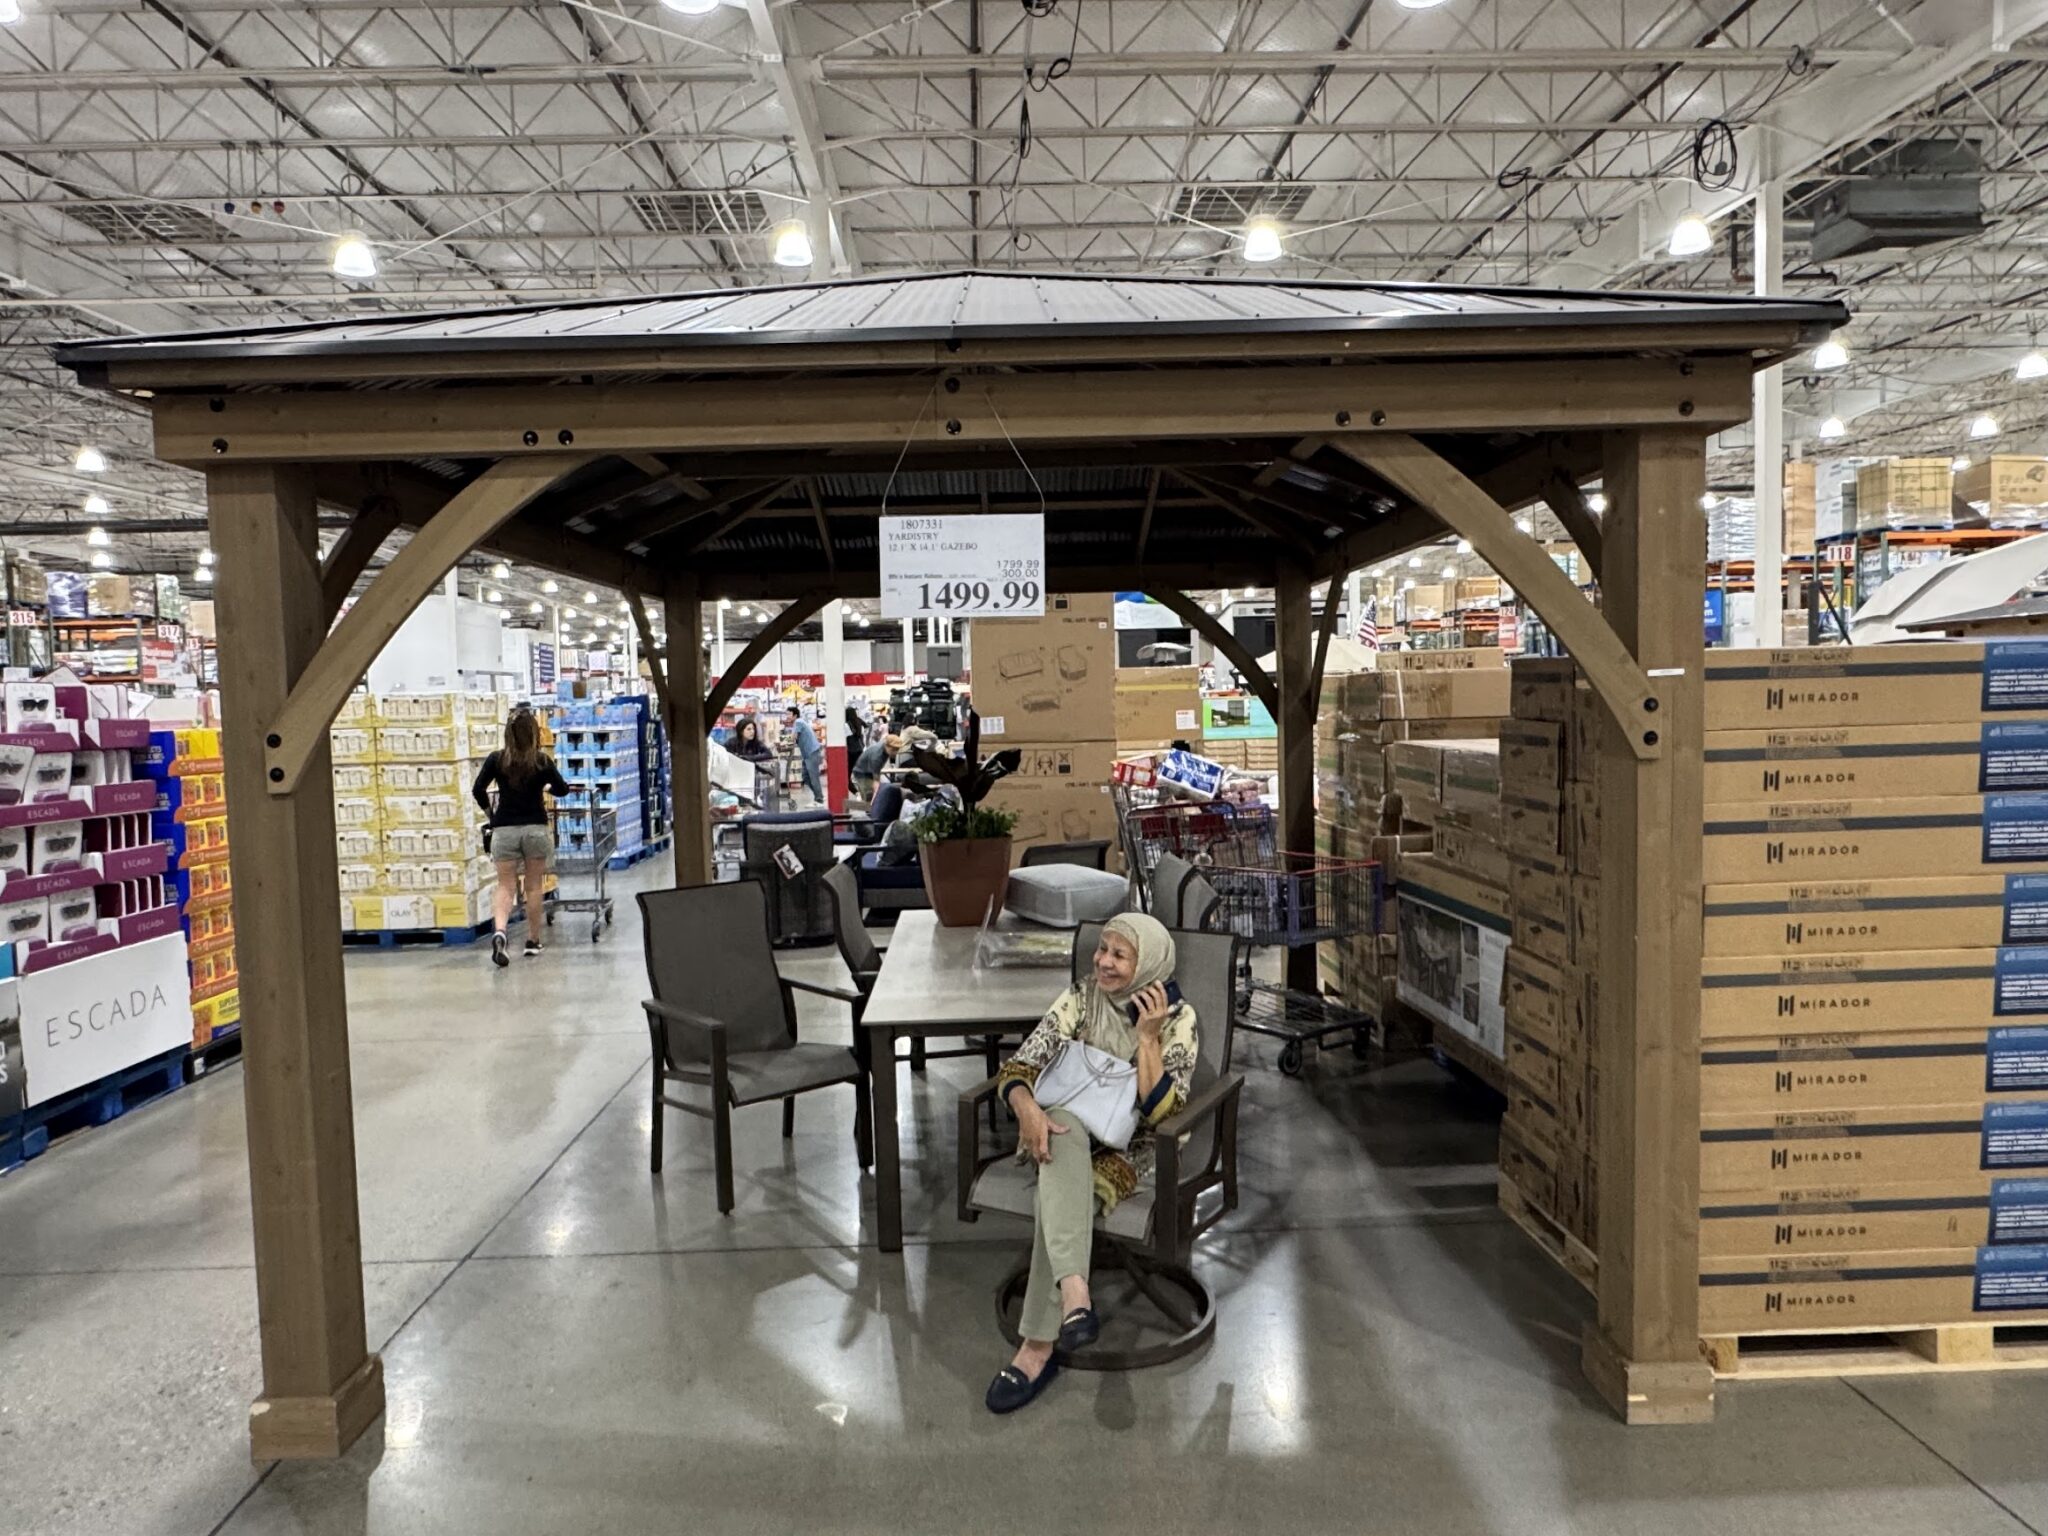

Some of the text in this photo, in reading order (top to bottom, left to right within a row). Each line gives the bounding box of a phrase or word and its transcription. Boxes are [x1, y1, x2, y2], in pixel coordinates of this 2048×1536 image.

[901, 519, 943, 530] 1807331
[888, 532, 939, 541] YARDISTRY
[910, 543, 917, 551] X
[940, 543, 978, 551] GAZEBO
[1830, 546, 1852, 560] 118
[918, 581, 1040, 610] 1499.99
[12, 612, 35, 625] 315
[160, 626, 178, 637] 317
[1788, 691, 1859, 704] MIRADOR
[1785, 773, 1856, 786] MIRADOR
[27, 807, 61, 820] ESCADA
[1788, 845, 1860, 857] MIRADOR
[122, 857, 151, 870] ESCADA
[36, 877, 71, 892] ESCADA
[137, 918, 165, 932] ESCADA
[1807, 925, 1878, 938] MIRADOR
[57, 944, 89, 960] ESCADA
[1800, 997, 1871, 1010] MIRADOR
[47, 984, 168, 1048] ESCADA
[1796, 1073, 1868, 1087] MIRADOR
[1792, 1151, 1863, 1164] MIRADOR
[1796, 1226, 1867, 1238] MIRADOR
[1786, 1294, 1857, 1307] MIRADOR

REQUIRED WORK ::
Give back the whole listing exactly as it stands. No pictures belong in the copy.

SOLUTION FOR THIS TASK ::
Some of the text in this photo, in reading order (top to bottom, left to right within a row). Each line gives the bounding box of a phrase or word and its transcription. Boxes are [x1, y1, x2, y2], in pixel coordinates of this 2048×1536 image.

[901, 519, 943, 530] 1807331
[888, 532, 939, 541] YARDISTRY
[910, 543, 917, 551] X
[940, 543, 978, 551] GAZEBO
[1830, 546, 1852, 560] 118
[918, 581, 1040, 610] 1499.99
[12, 612, 35, 625] 315
[160, 626, 178, 637] 317
[1788, 691, 1859, 704] MIRADOR
[1785, 773, 1856, 786] MIRADOR
[27, 807, 61, 820] ESCADA
[1788, 845, 1860, 857] MIRADOR
[122, 857, 151, 870] ESCADA
[36, 877, 71, 892] ESCADA
[137, 918, 165, 932] ESCADA
[1807, 925, 1878, 938] MIRADOR
[57, 944, 89, 960] ESCADA
[1800, 997, 1871, 1010] MIRADOR
[47, 984, 168, 1048] ESCADA
[1796, 1073, 1868, 1087] MIRADOR
[1792, 1151, 1863, 1164] MIRADOR
[1796, 1226, 1867, 1238] MIRADOR
[1786, 1294, 1857, 1307] MIRADOR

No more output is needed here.